Subparagraphs 9(c) and 9(d) were admitted. They all read as follows:
[TRANSLATION]
9. The Minister
also ruled that the workers were considered to be working at arm's length with
the Appellant as part of their employment because he was convinced that it was
reasonable to conclude that each worker would have entered into a substantially
similar contract of employment with the Appellant if they had been dealing with
each other at arm's length having regard to the following circumstances: (denied)
(a) The remuneration paid
to each worker was reasonable given that they each worked 60 hours a week
and given their administrative responsibilities; (denied)
(b) the work schedule of
each of the workers, as that of the Appellant's other employees, was based on
the Appellant's requirements; (denied)
(c) the workers' work
period met the Appellant's actual requirements; (admitted)
(d) each of the workers
rendered services to the Appellant, in his own respective area of activity that
was essential to the Appellant's activities. (admitted)
[6] Denis Gagnon
and Roger Gagnon testified for the Appellant.
[7] The third shareholder,
Denis Coiffier, residing in France, periodically visited the Saguenay region to take care of
his financial interests and indulge in his passion: snowmobiling.
[8] Described as a
passive investor, Denis Coiffier acquired 50% of the shares after the
periods at issue.

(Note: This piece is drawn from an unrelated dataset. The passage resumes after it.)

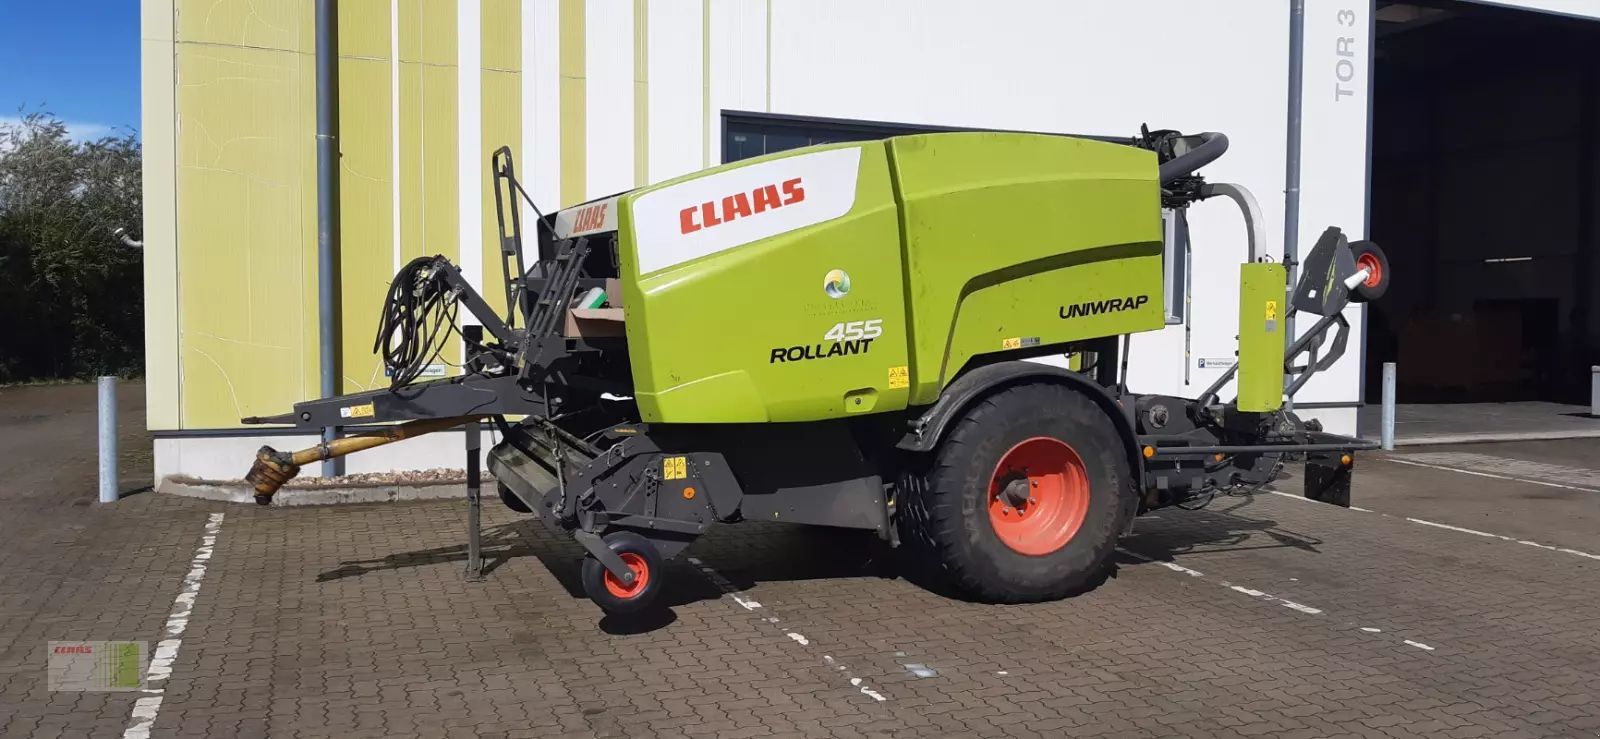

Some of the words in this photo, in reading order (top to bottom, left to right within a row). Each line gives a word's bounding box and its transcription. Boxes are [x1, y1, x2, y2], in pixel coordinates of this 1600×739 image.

At that time, Denis Gagnon became the shareholder with
the other 50% of shares, since Roger Gagnon had chosen to sell his shares:
at the time of the hearing, Denis Gagnon and Denis Coiffier were the
only shareholders, each holding 50%.
[9] The Appellant's
evidence relied primarily on the testimony of the Gagnon brothers.
Denis Gagnon looked after the rental and after‑sales services while
his brother Roger looked after the sales department. The rental component was a
very significant part of the business and required considerable availability in
order to respond to service calls during breakdowns that could occur far away
from the company's place of business, particularly with the numerous vehicles
that the business rented on weekends.
[10] Though Denis joined
the business after his brother, Roger, he quickly became his equal with regard
to conditions of employment, including salary level.
[11] The Gagnon brothers
also enjoyed a high degree of autonomy in their respective responsibilities.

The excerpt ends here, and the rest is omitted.